Теперь, когда каждая потеряла кого-то из близких, они обе осиротели.
Вернее, все трое.
Офелию неудержимо потянуло к лихорадочно рисующей Секундине. Как всегда, та была предоставлена самой себе. Не было никого, кто сказал бы ей хоть слово, никого, кто протянул бы ей руку, никого, кто открыл бы ей правду.
Октавио впал бы в ярость.
Офелия склонилась над Секундиной.
– Твой брат, – сказала она.
Как? Как назвать того, кого нельзя называть? Тучи над миром продолжали наливаться чернотой.
– Он не вернется.
Секундина наконец подняла голову. Сейчас, под гривой темных волос, ее асимметрия была заметна как никогда. Половина лица, та, где золотая цепочка связывала бровь и ноздрю, дергалась в нервном тике; и наоборот, другая половина, оставаясь совершенно неподвижной, пялилась белым, ничего не выражающим глазом; и, словно пролегший между ними мостик, пропитанная кровью повязка перерезáла нос и щеки, доходя до основания ушей. Наверняка ей было чудовищно больно даже просто приоткрыть рот. Когти Торна нанесли ей рану, рубец от которой отныне станет частью ее самой.

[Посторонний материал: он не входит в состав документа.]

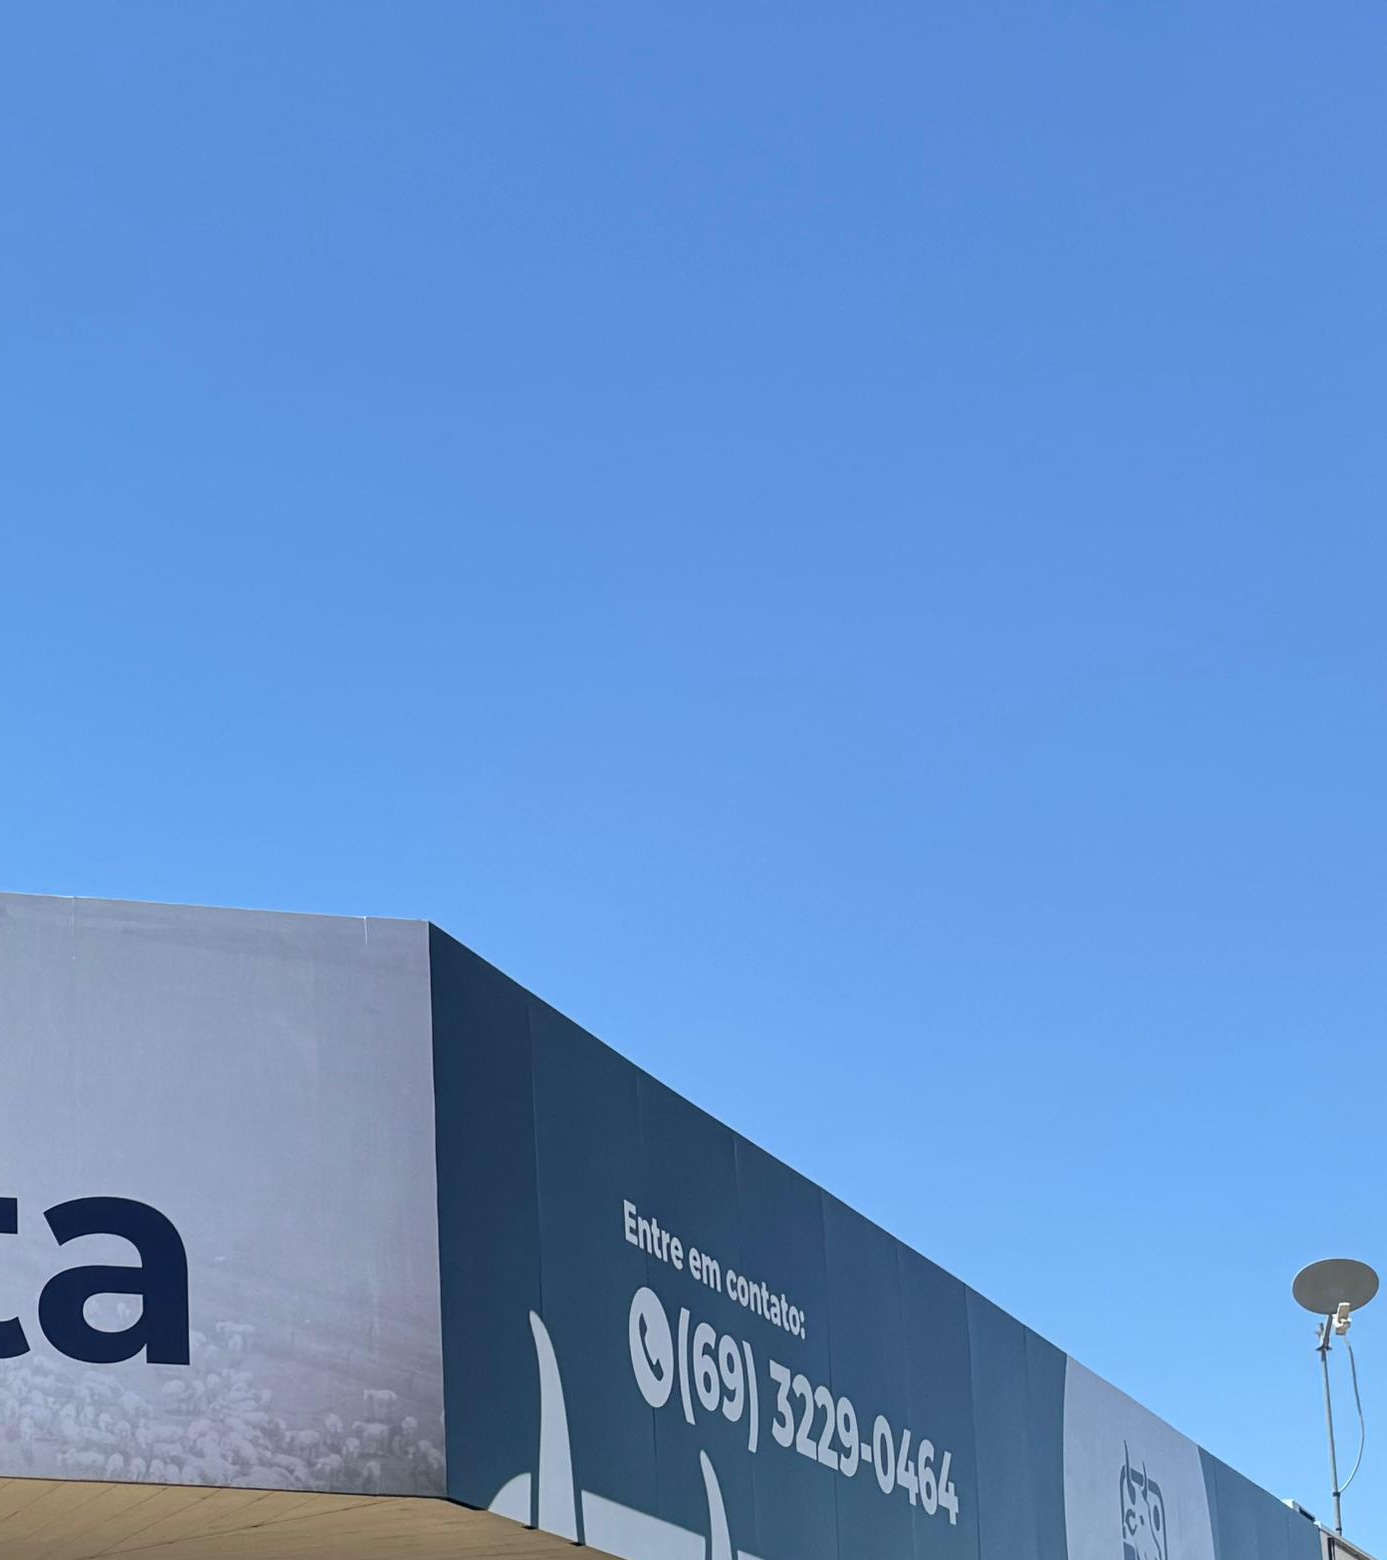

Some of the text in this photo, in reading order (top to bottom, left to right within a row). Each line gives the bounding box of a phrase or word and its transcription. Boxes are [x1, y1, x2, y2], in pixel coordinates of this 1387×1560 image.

[623, 1199, 806, 1341] Entre em contato:
[678, 1307, 960, 1526] (69) 3229-0464
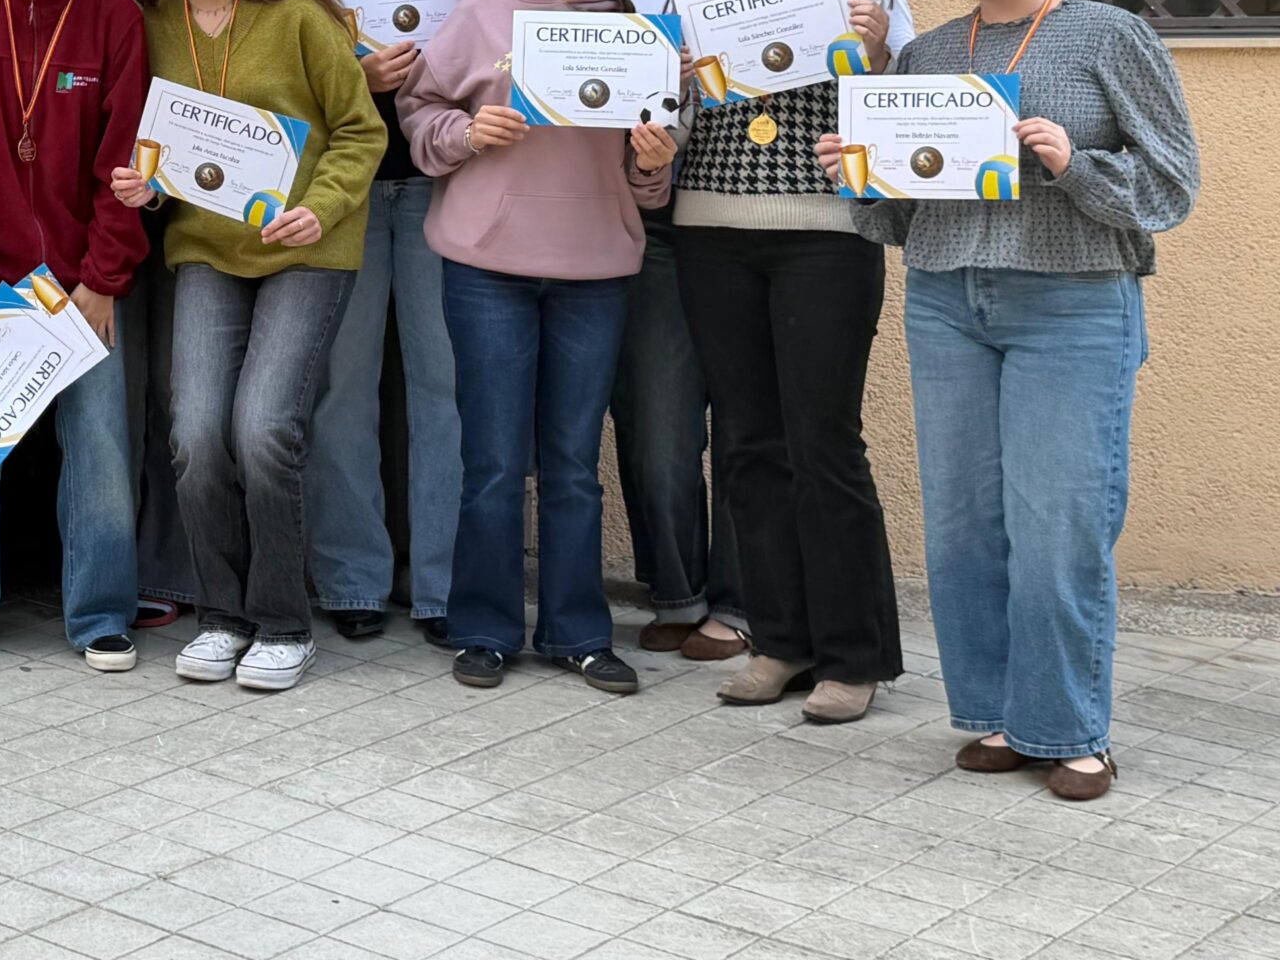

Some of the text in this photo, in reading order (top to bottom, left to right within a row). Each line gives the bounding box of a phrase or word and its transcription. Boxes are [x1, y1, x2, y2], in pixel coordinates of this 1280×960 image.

[536, 27, 657, 45] CERTIFICADO
[863, 91, 993, 108] CERTIFICADO
[170, 100, 282, 145] CERTIFICADO

Офелия сглотнула еще один камень. Она вспомнила рисунок, который выбросила в туалет. Секундина изобразила там собственный портрет, перечеркнутый вещей чертой, сделанной красным карандашом; тем же красным карандашом, которым она набросала и закрасила на оборотной стороне листа тело Офелии, зажатое между старухой и монстром.